Era il 2017 quando, nelle sale, usciva Call me by your name di Luca Guadagnino, l'ultimo capitolo della cosiddetta "Trilogia del desiderio" del regista. Sono già passati 5 anni da quando abbiamo lasciato Elio, un Timothée Chalamet ancora agli inizi, a piangere con il cuore spezzato davanti al caminetto. Da quel momento, i fan hanno sempre sperato in un sequel della storia d'amore tratta dal romanzo di André Aciman. Guadagnino, però, aveva dichiarato di volersi dedicare ad altri progetti e che, per il momento, non c'erano le condizioni perché si tornasse sul set, anche visti gli scandali sessuali che hanno coinvolto Armie Hammer che, nel film, interpreta Oliver. Ora, però, il regista ha dichiarato di starci ripensando, forse la possibilità di un seguito di Chiamami col tuo nome, è ancora aperta
«Un sequel è un concetto americano», ha detto il regista durante un'intervista al Telluride Film Festival, «Sono più per qualcosa come le cronache di Elio, le cronache di questo ragazzo che diventa uomo». «È qualcosa che voglio fare», ha dichiarato facendo un dietrofront e alimentando le speranze. Tra i motivi che hanno favorito le perplessità del regista è probabile ci siano le accuse rivolte a Hammer da diverse donne che hanno raccontato di essere state abusate psicologicamente e sessualmente dall’attore. Forse anche per questo, ora, Guadagnino sta valutando una soluzione che permetta un seguito senza Oliver, distanziandosi quindi dal sequel di Call me by your name scritto da Aciman e intitolato Find Me.

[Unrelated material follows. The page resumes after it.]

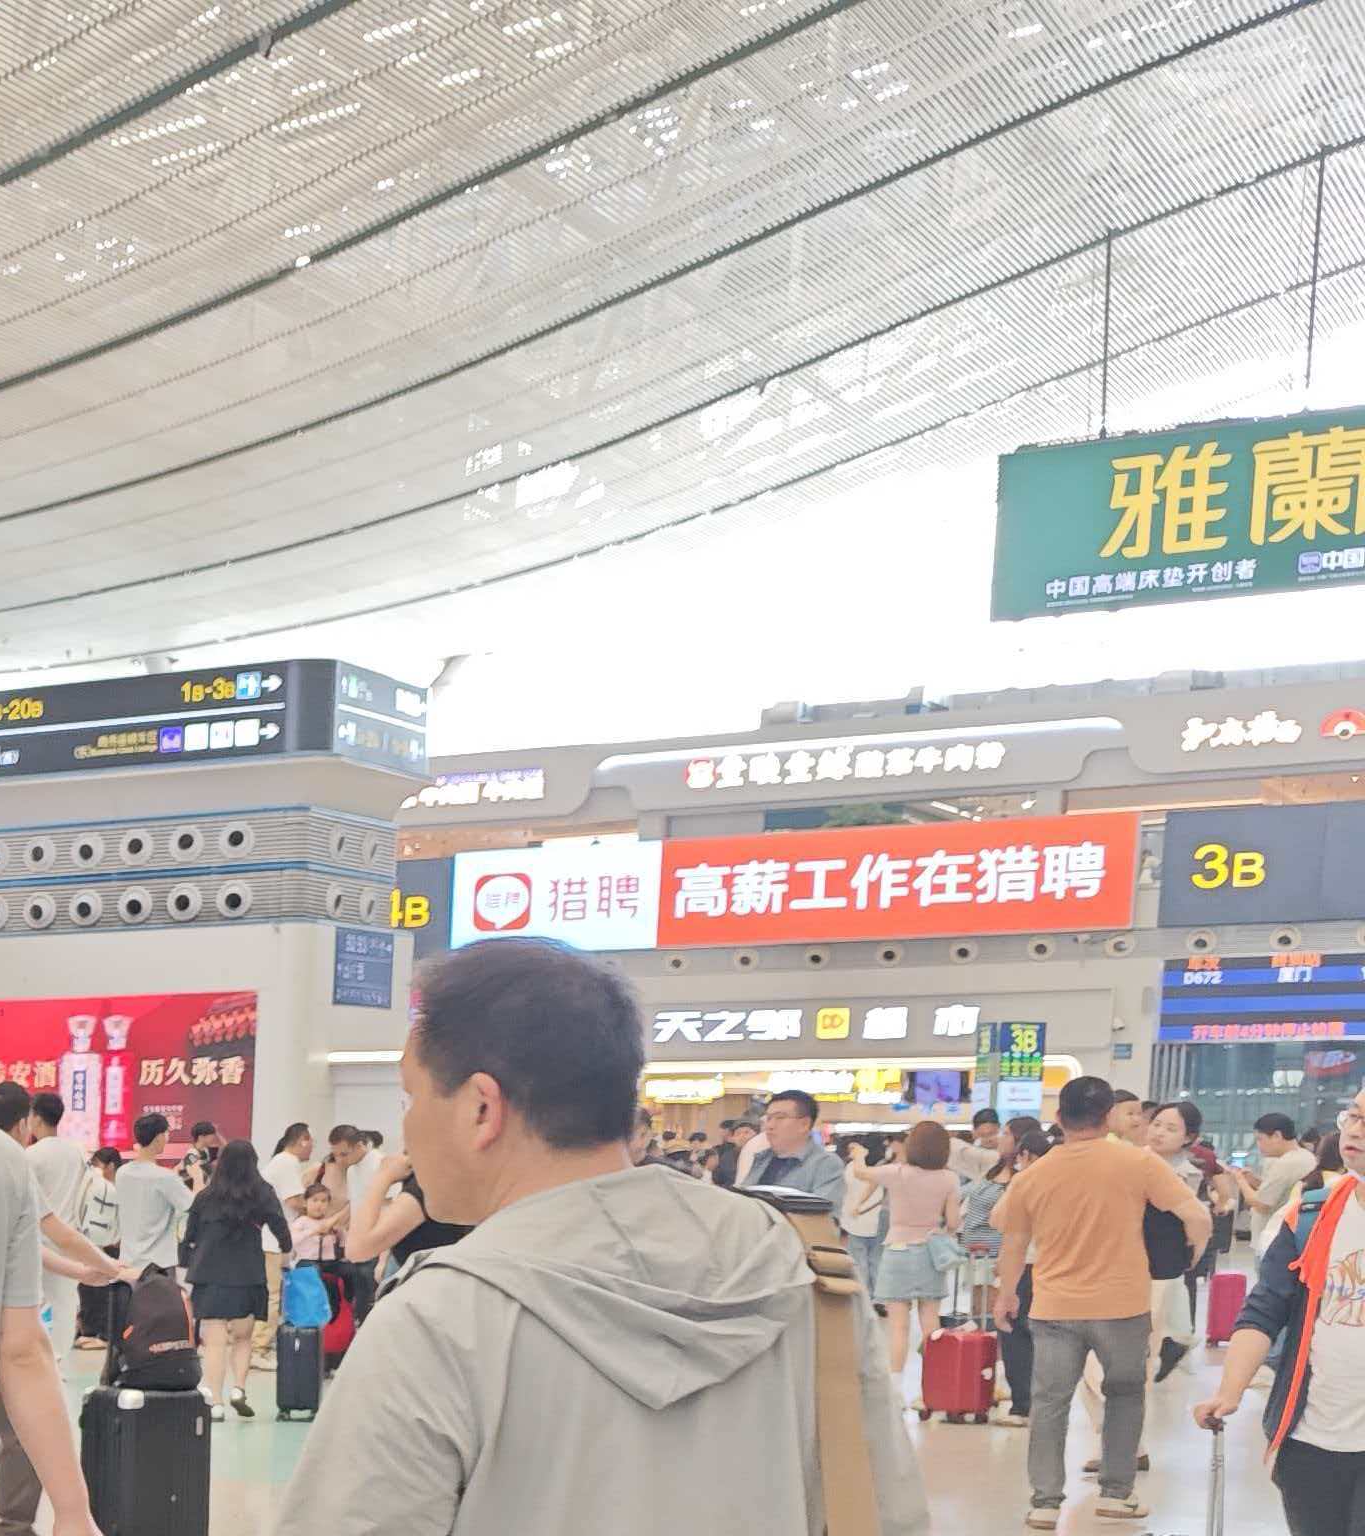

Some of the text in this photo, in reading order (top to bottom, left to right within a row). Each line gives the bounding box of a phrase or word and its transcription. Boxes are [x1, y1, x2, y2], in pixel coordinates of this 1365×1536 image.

Il regista, d'altra parte, è in ottimi rapporti con Chalamet che ha da poco recitato nel suo Bones and All, presentato alla Mostra del cinema di Venezia e nella serie Hbo di Guadagnino We Are Who We Are, l'anno scorso. «Vedere l'umiltà e il rigore con cui ha fatto i suoi primi passi verso la celebrità mi ha reso così orgoglioso», ha detto il regista a Dazed parlando di Chalamet come un «giovane luminoso e febbrile che è diventato questa stella planetaria». «C'è un bellissimo legame tra noi», ha aggiunto Guadagnino e questo fa pensare che il progetto di raccontare la storia di Elio, prima o dopo, prenderà forma. Al momento il regista ha ancora molti lavori aperti, come un remake di Scarface e una miniserie dal titolo Brideshead Revisited, adattamento dell'omonimo romanzo di Evelyn Waugh, che comprenderà nel cast anche Cate Blanchett e Andrew Garfield. Il suo cuore, però, a quanto pare e come ha dichiarato, «è ancora lì con Elio e Oliver».